"There came a woman having an alabaster box of ointment of spikenard very precious; and she broke the box and poured it on his head"
Did you ever wonder why this woman did not just open the lid and dab a little ointment on Jesus? Couldn't she have used some if it on Him and saved the rest? After all, this ointment was very costly. Spikenard was an ointment imported from India. One whole jar of it would have cost the equivalent of a common worker's annual income. This was more than a token gesture; this was a sacrificial offering.
The woman was Mary of Bethany, the sister of Martha and Lazarus. She is mentioned in the gospels three times and each time she is found at the feet of Jesus. Mary knew what real worship was about.
It was six days before Passover and the city was filled with people. Based on the previous events of the last few days, Mary's house was hopping with excitement and awe. Her brother Lazarus, had just been raised from the dead by Jesus and word had traveled fast.
You see many knew of the special relationship between Jesus and this family. When Jesus came to Bethany, this was the house where He stayed and these were his friends.
This occasion was special, but had a dual meaning. It was a dinner to celebrate the miracle of resurrection for Lazarus, and also a final meal for Jesus with those whom He considered family.
A trial, a cross, and a tomb would lay ahead for Mary's friend. Mary didn't come to this dinner to make a request or fellowship with other people. She didn't come to this occasion with an event mindset. She came with spiritual anticipation of His death and prepared His body in public ceremony.
The highest purpose of worship is for God, not for us which she demonstrates by her actions and her offering.
Mary didn't just use a portion of ointment to anoint Jesus. She did not try to keep any of it for her own purposes; instead she broke the box, and poured out all the ointment, eliminating any possibility of its being saved for another occasion.
So many want to worship the Lord with all kinds of restrictions and reservations. They make a great demonstration of their token gifts, but they keep the greater part of their lives for themselves. They may give an hour or two to God each week, but the rest belongs to them. They may give to God a small percentage of their income, but they retain ownership of the rest. They may use some of their talents and gifts in God's service, but the greater part is expended in self-interest.
Such people know nothing of true worship and understand nothing about the Lordship of Jesus Christ. Jesus uses broken vessels.
A broken vessel can no longer retain its contents. It is powerless to withhold; therefore, it freely spills out all that is within it. This is the purpose of the breaking. It is not so God can take pleasure in our pain. No! The pain is part of the process when we are broken, but it is not the purpose. The goal is the fragrance, the sweet aroma that fills the air...and the nostrils of God.

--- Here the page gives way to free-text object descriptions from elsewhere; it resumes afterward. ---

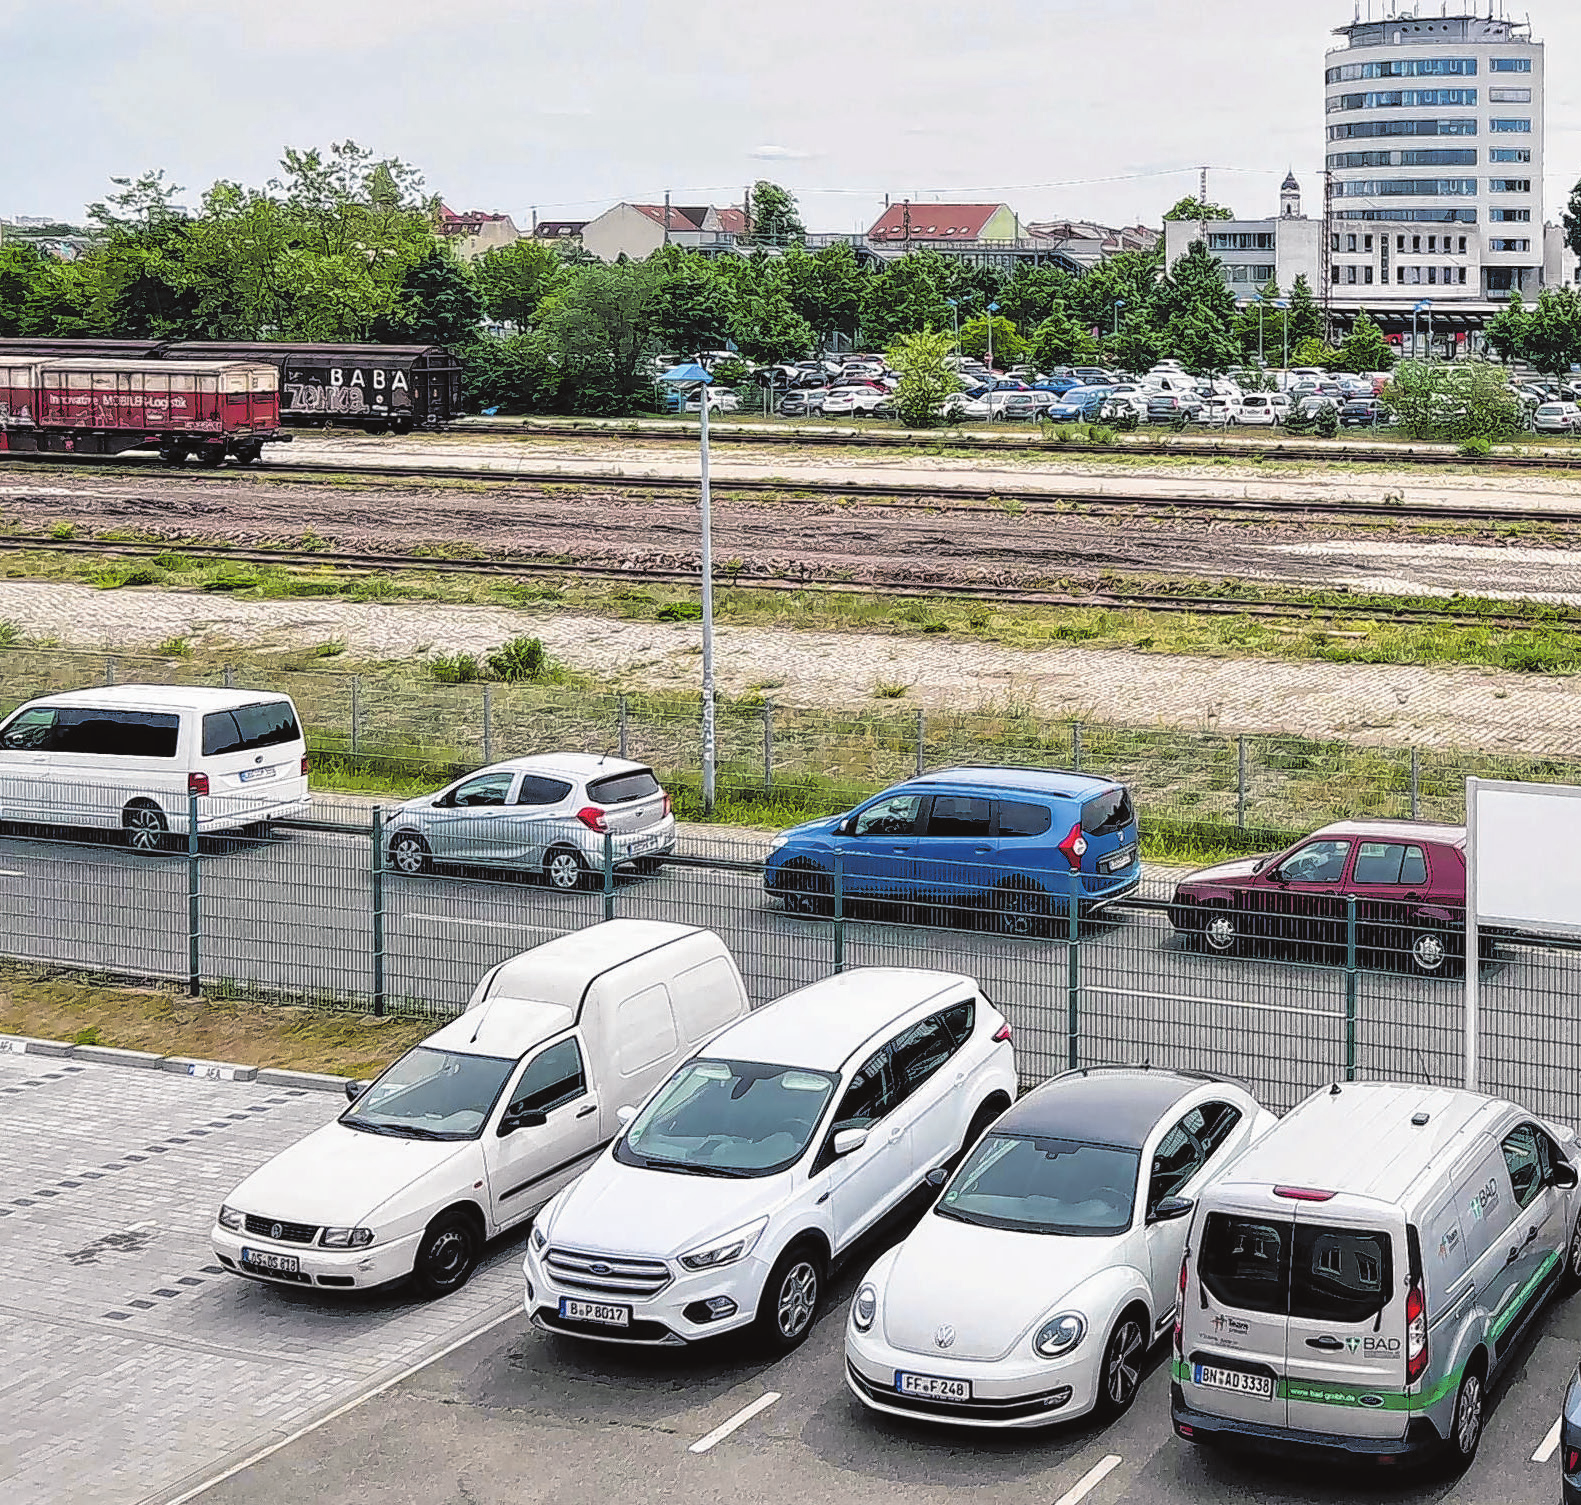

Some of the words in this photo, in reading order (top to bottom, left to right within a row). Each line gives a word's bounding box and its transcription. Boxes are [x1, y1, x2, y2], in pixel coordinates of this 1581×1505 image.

[330, 368, 408, 391] BABA
[585, 1304, 592, 1316] P
[594, 1306, 624, 1320] 8017
[1363, 1337, 1400, 1351] BAD
[906, 1376, 922, 1390] FF
[930, 1380, 938, 1392] F
[941, 1381, 964, 1396] 248
[1203, 1367, 1217, 1383] BN
[1241, 1375, 1269, 1393] 3338
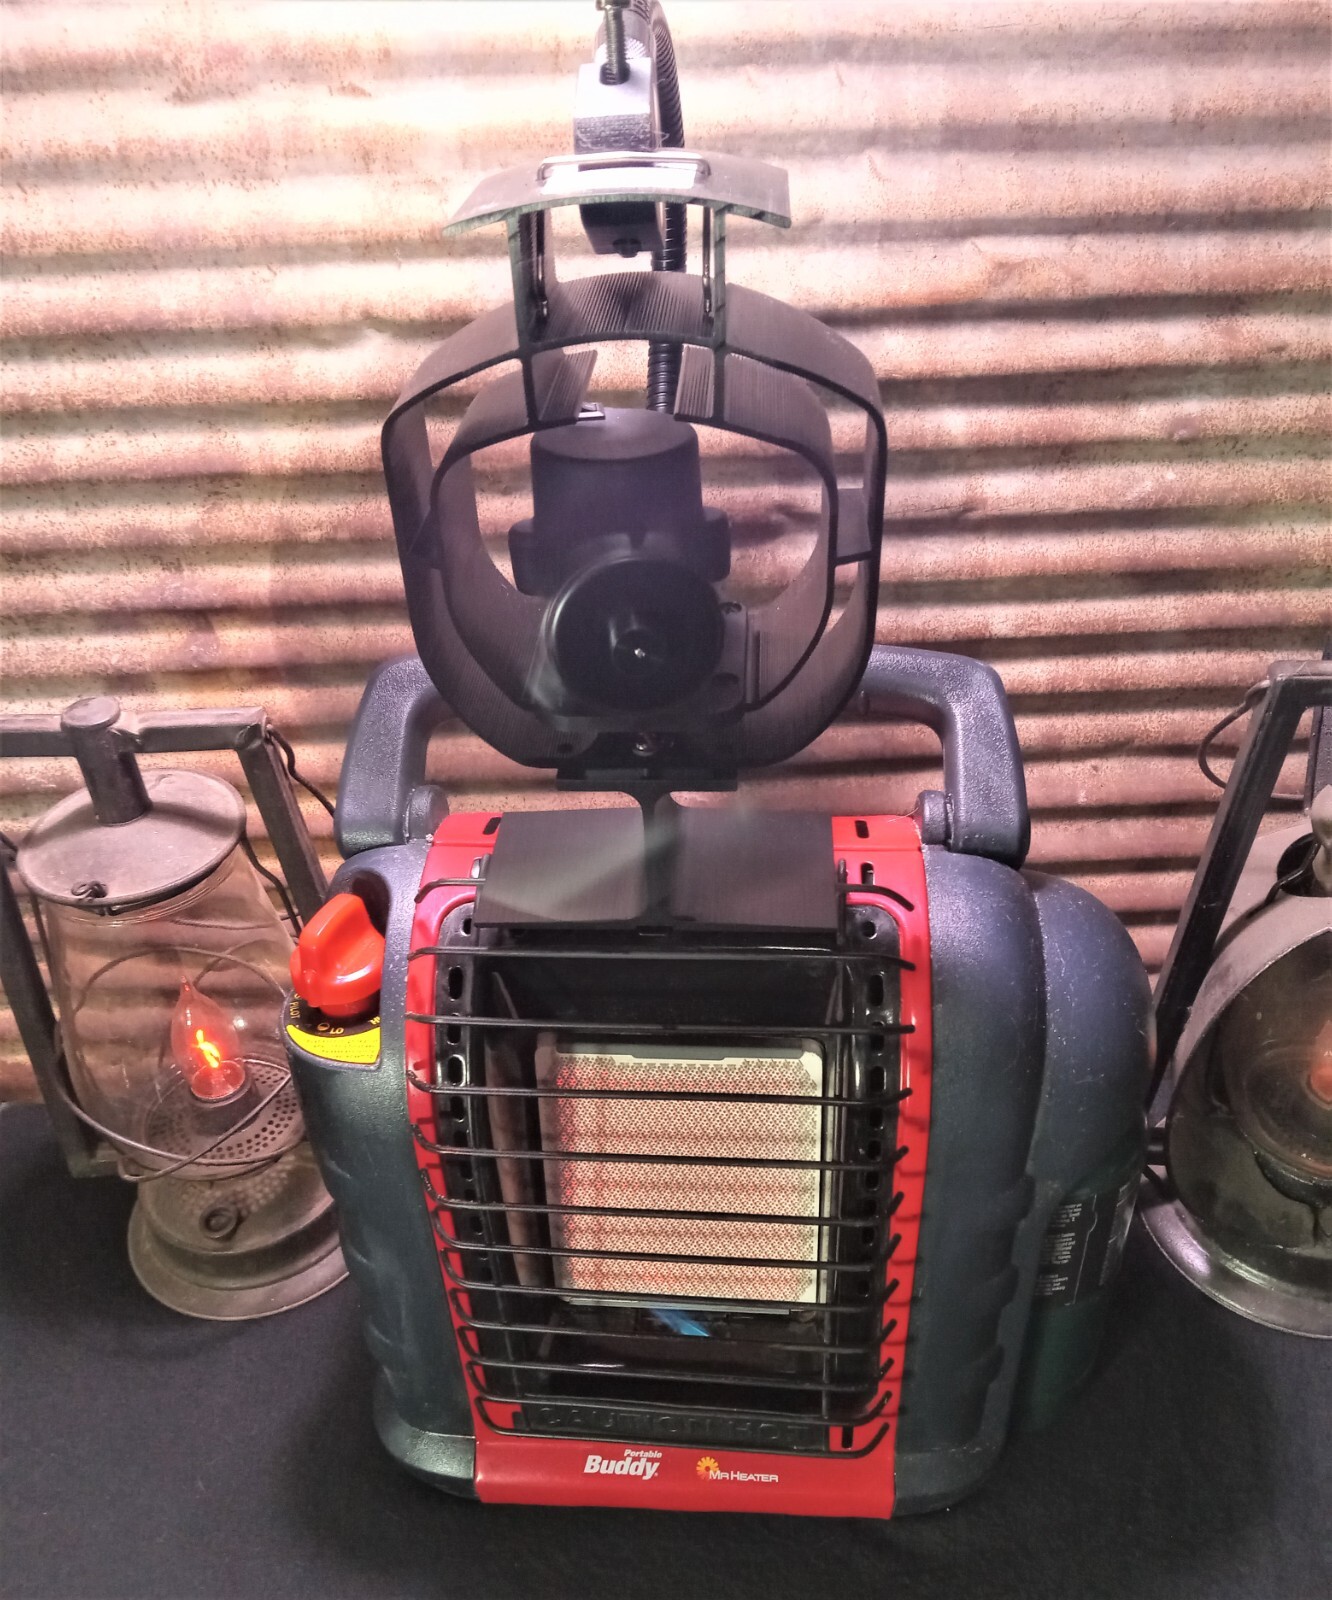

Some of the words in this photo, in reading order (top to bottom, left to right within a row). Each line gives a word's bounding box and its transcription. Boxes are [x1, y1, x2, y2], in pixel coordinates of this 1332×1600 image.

[289, 1001, 300, 1018] PILOT
[330, 1027, 344, 1035] LO
[623, 1448, 663, 1459] Portable
[583, 1454, 661, 1481] Buddy
[730, 1470, 779, 1483] HEATER

Although Mary was a host to many, she was a worshiper of one and her actions alone transformed the dinner into a worship service...Her worship was rejected by those in the room but she didn't allow rejection to dictate her response (worship) to Jesus. The fragrance of her gift alone brought all the attention to Him. She wiped His feet with her hair which for a woman signifies her glory and identity. She invested herself in worship to Christ and became low to lift Him high.
The spikenard, her gift that day, also represents the essence of the contents of our heart. Our mind, will and emotions are the ingredients that make the fragrance of life so valuable.
We must be willing to break the box around our hearts to release our praise unto God. Many worship inside the boxes of religion, pride, religious personalities or musical styles.
Only through this process the pure love of a broken life will become the anointed fragrance of worship by which we can adorn our Savior. I believe in this day and hour, God is looking for those who are willing to "waste" their very best on Him. He is worthy of our offering.